Department of Earth System Science
Isotopic variability of N
O emissions from tropical forest soils
- Author(s): Perez, T.
- Trumbore, S. E
- Tyler, S. C
- Davidson, E. A
- Keller, M.
- de Camargo, P. B
- et al.
Published Web Locationhttps://doi.org/10.1029/1999GB001181
We report measurements of the 15N and 18O signature of N2O emitted from tropical rain forest soils at the La Selva Biological station in Costa Rica and in the Fazenda Vitoria in the State of Pará, Brazil. The δ15N values ranged from −34 to 2‰ with respect to atmospheric N2, while δ18O values had a smaller range, from −4 to 18‰ with respect to atmospheric O2. We attribute these large variations to differences in microbial production, consumption, and transport of N2O. In general the δ15N of N2O emissions from an Oxisol soil in Brazil were consistently enriched by ∼20‰ in 15N compared to those from Ultisol and Inceptisol soils in Costa Rica. Denitrification is the most likely source of N2O in both locations during the rainy season, and the 15N of nitrate was similar in both locations. We attribute the overall variability in emitted 15N to differences in the ratio of N2O:N2 escaping from the soil to the atmosphere, with a larger fraction of the N2O reduced to N2 at the Brazilian sites.
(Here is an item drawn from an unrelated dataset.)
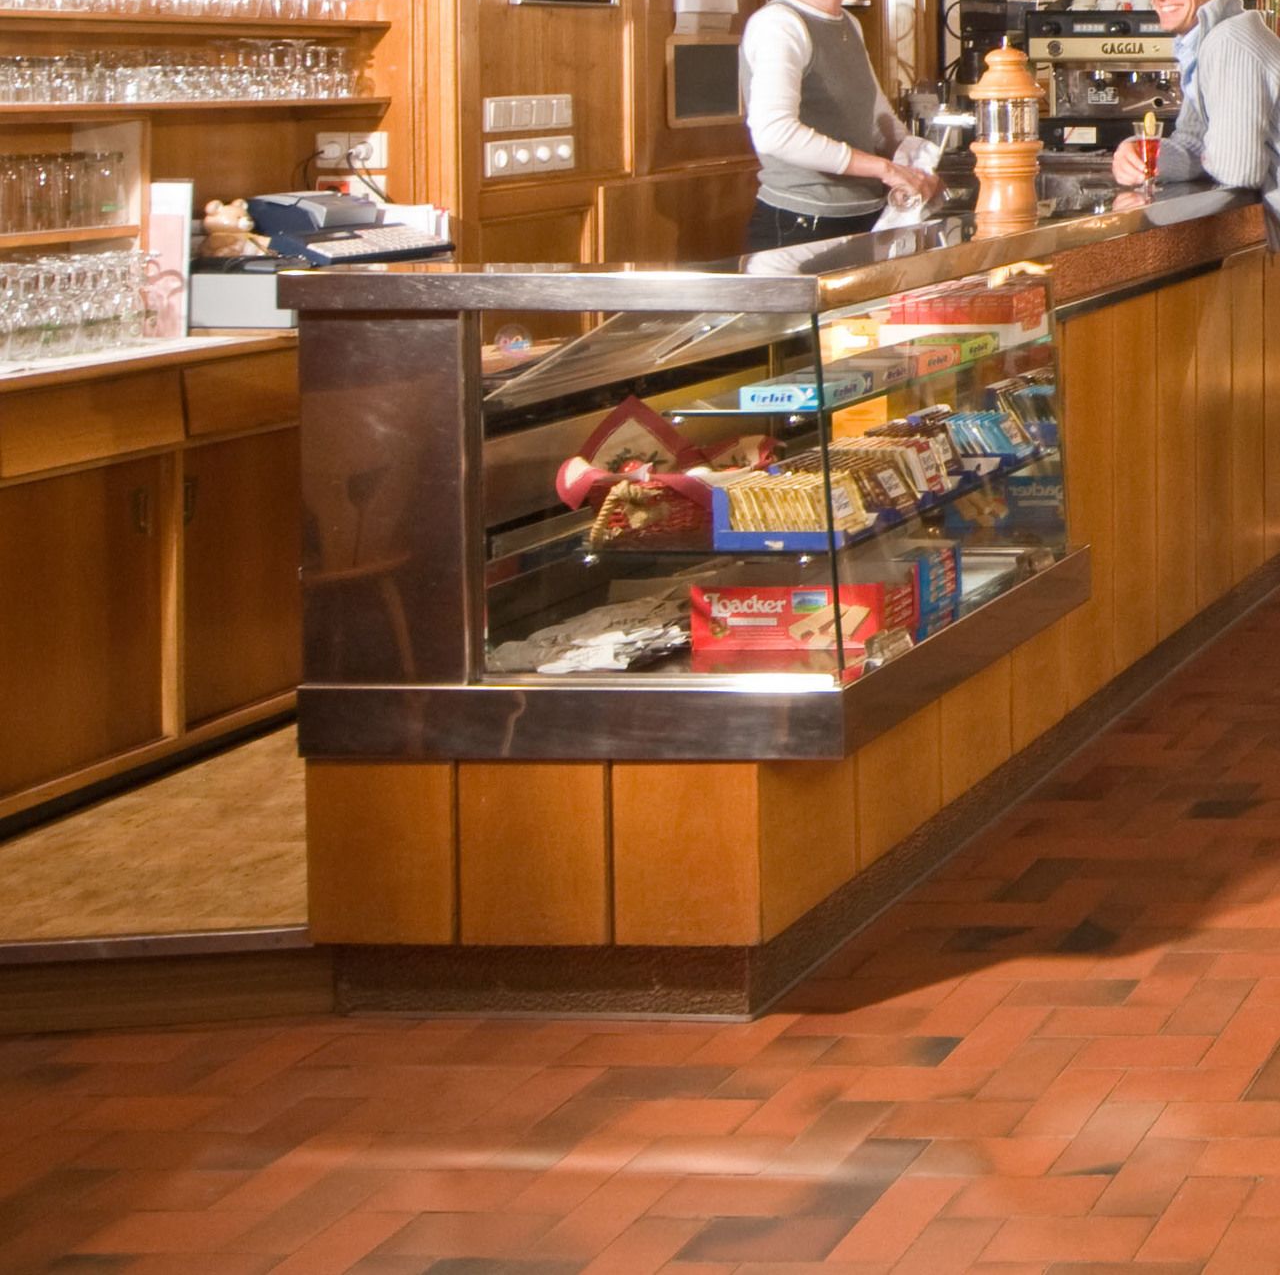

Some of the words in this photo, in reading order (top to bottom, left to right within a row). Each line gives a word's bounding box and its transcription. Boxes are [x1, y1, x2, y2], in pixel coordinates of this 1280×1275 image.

We found light δ15N-N2O values associated with high N2O emissions in a fertilized agricultural site in Costa Rica and in a “hot spot” of high emissions in the forest site in Brazil. This result suggests that the increase of substrate availability might increase the fractionation associated with N2O production. Overall, the Brazilian Oxisol soils had the most enriched δ15N-N2O emissions yet measured from soils. If these are more representative of tropical soil emissions than the Costa Rica emissions, then the globally averaged δ15N-N2O tropical rain forest soil source is more enriched than previously estimated. The large variations in isotopic signature for N2O emissions demonstrate the potential utility of stable isotopes as tools for understanding the processes of N2O production and consumption in soils.